Produce a verbatim transcript of the entries below, excluding pictures.
#### Provided information ####
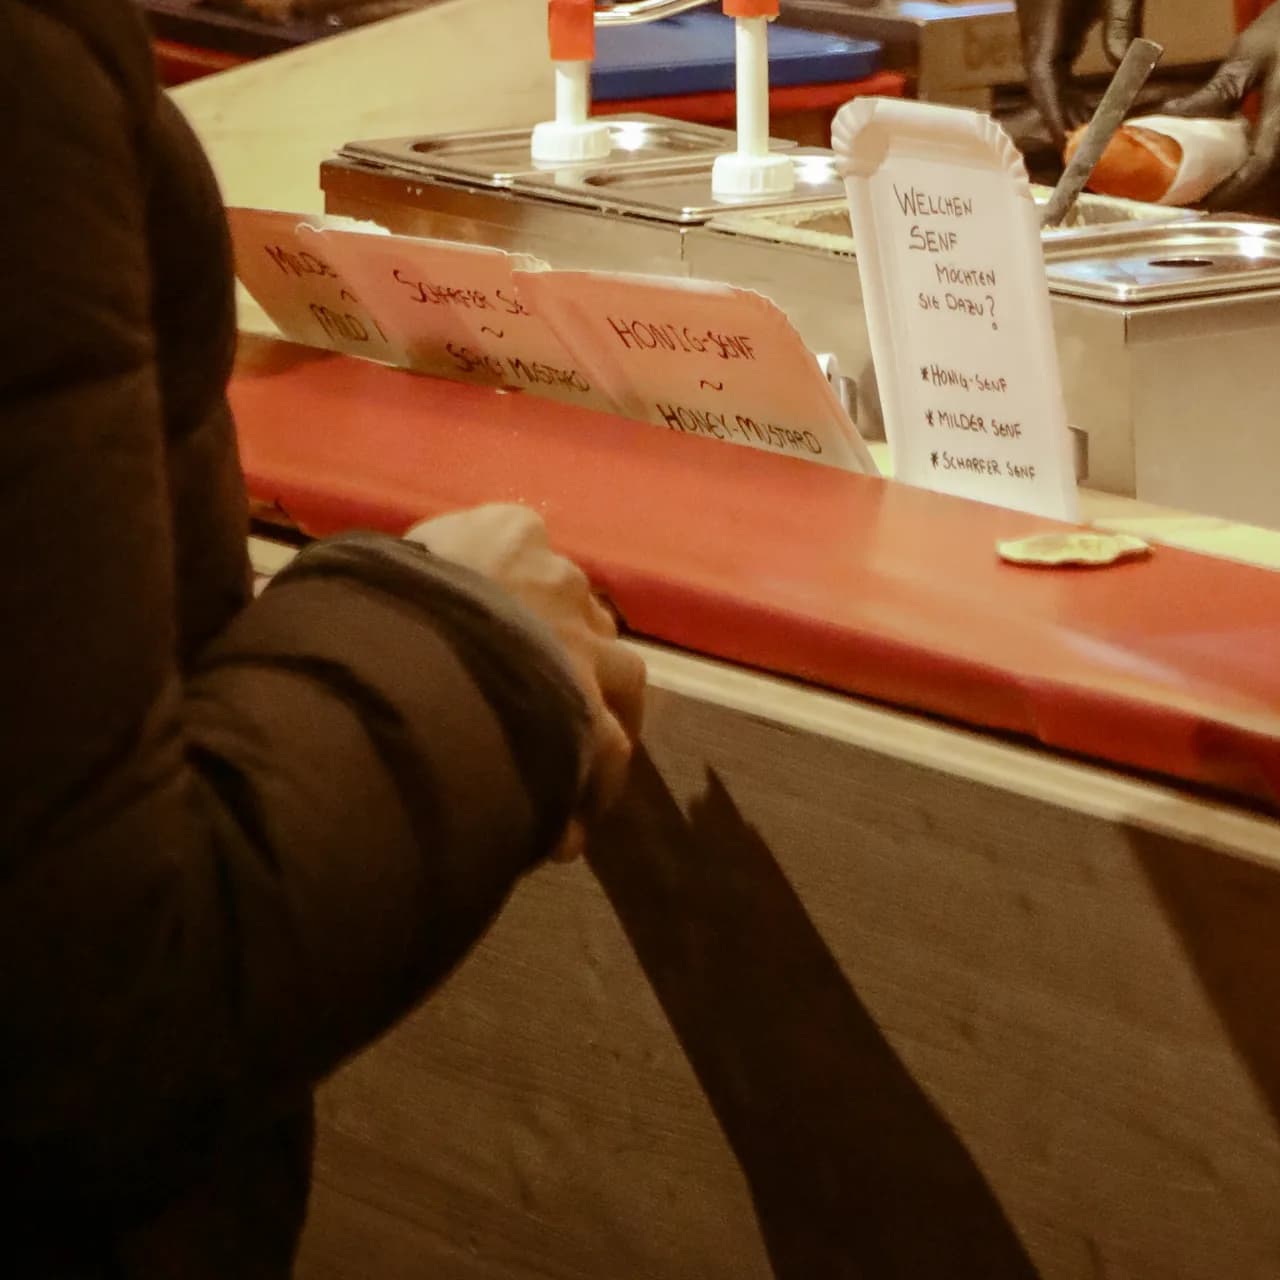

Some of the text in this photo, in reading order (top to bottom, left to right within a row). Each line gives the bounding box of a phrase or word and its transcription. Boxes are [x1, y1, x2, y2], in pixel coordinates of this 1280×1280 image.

[893, 184, 973, 216] WELCHEN
[909, 225, 958, 252] SENF
[495, 290, 530, 316] SE
[919, 292, 940, 310] SIE
[606, 316, 756, 360] HONIG-SENF
[656, 403, 823, 455] HONEY-MUSTARD
[937, 409, 1022, 439] MILDER SENF
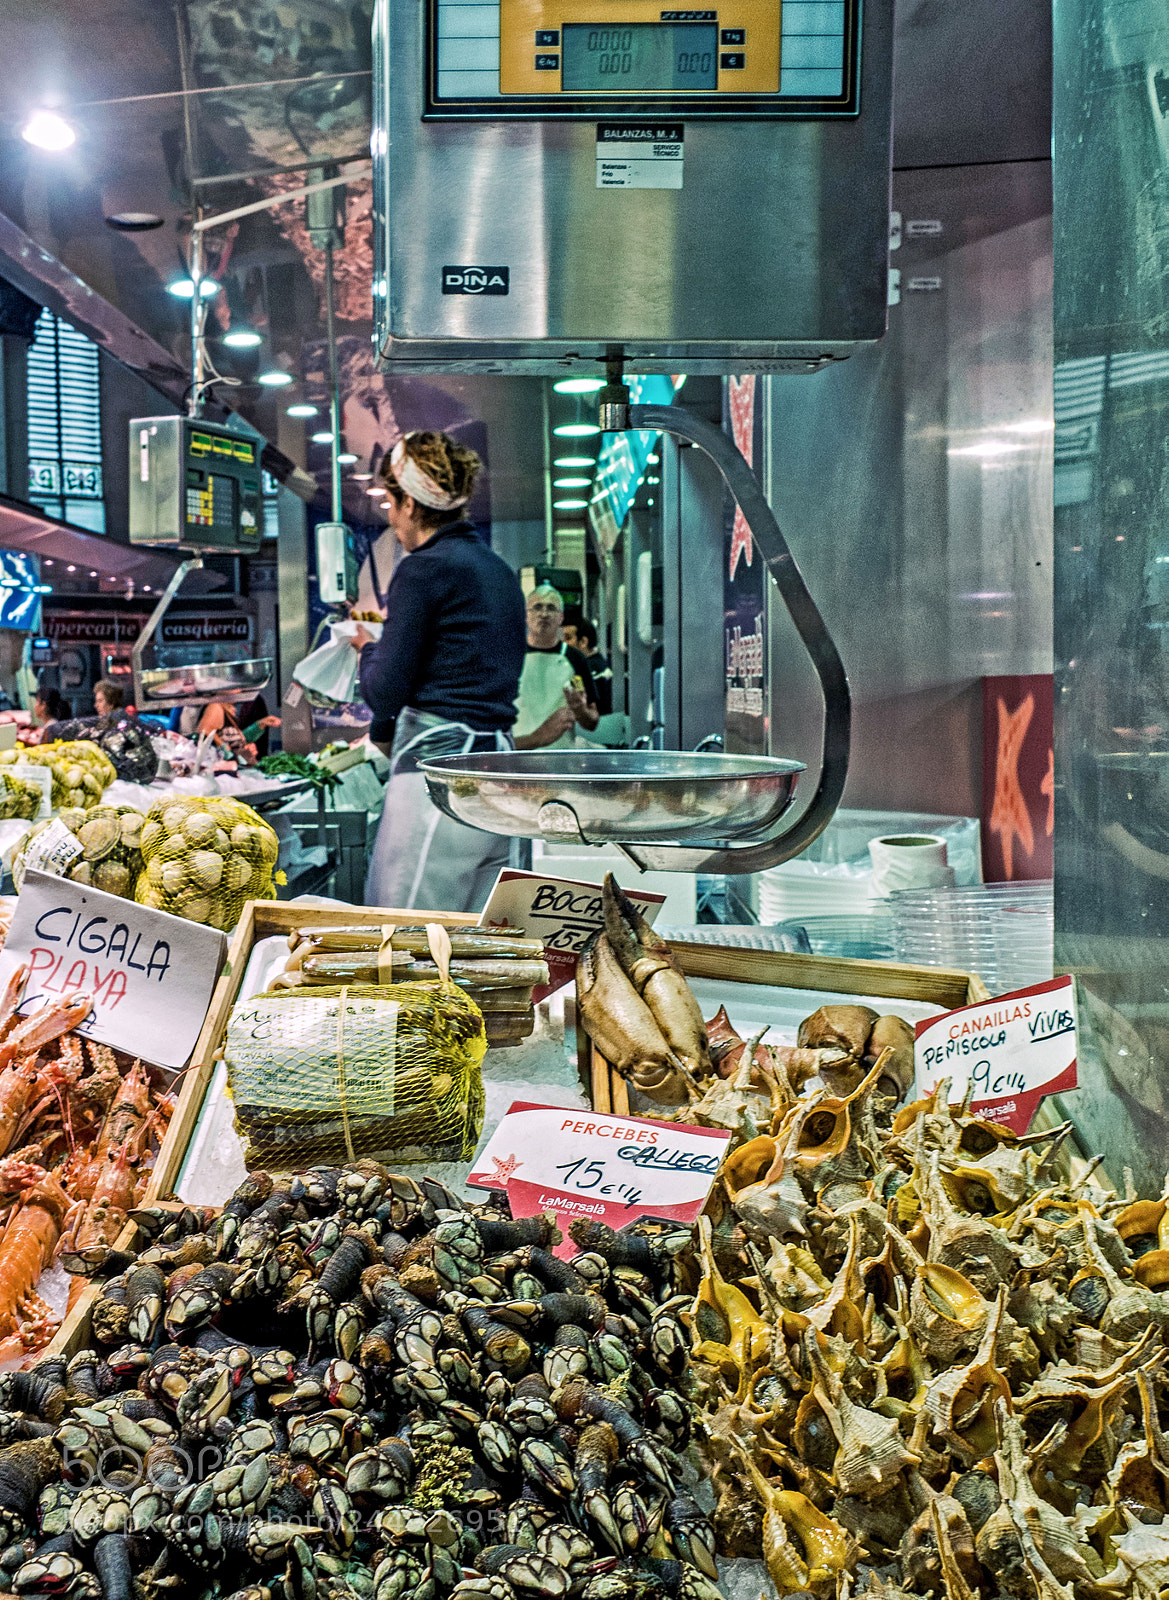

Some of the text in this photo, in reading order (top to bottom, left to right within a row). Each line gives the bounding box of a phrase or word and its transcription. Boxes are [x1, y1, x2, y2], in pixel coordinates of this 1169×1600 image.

[587, 30, 633, 50] 0.000
[604, 130, 655, 139] BALANZAS,
[445, 274, 506, 286] DINA
[29, 947, 127, 1011] PLAYA
[949, 1003, 1031, 1040] CANAILLAS
[560, 1119, 660, 1145] PERCEBES
[538, 1194, 606, 1215] LaMarsalà
####
Expected answer »
Some of the text in this photo, in reading order (top to bottom, left to right within a row). Each line gives the bounding box of a phrase or word and its transcription. Boxes are [x1, y1, x2, y2], in pixel coordinates of this 1280×1280 image.

[893, 184, 973, 216] WELCHEN
[909, 225, 958, 252] SENF
[495, 290, 530, 316] SE
[919, 292, 940, 310] SIE
[606, 316, 756, 360] HONIG-SENF
[656, 403, 823, 455] HONEY-MUSTARD
[937, 409, 1022, 439] MILDER SENF

Some of the text in this photo, in reading order (top to bottom, left to right within a row). Each line gives the bounding box of a phrase or word and its transcription. Boxes are [x1, y1, x2, y2], in pixel coordinates of this 1169×1600 image.

[587, 30, 633, 50] 0.000
[604, 130, 655, 139] BALANZAS,
[445, 274, 506, 286] DINA
[29, 947, 127, 1011] PLAYA
[949, 1003, 1031, 1040] CANAILLAS
[560, 1119, 660, 1145] PERCEBES
[538, 1194, 606, 1215] LaMarsalà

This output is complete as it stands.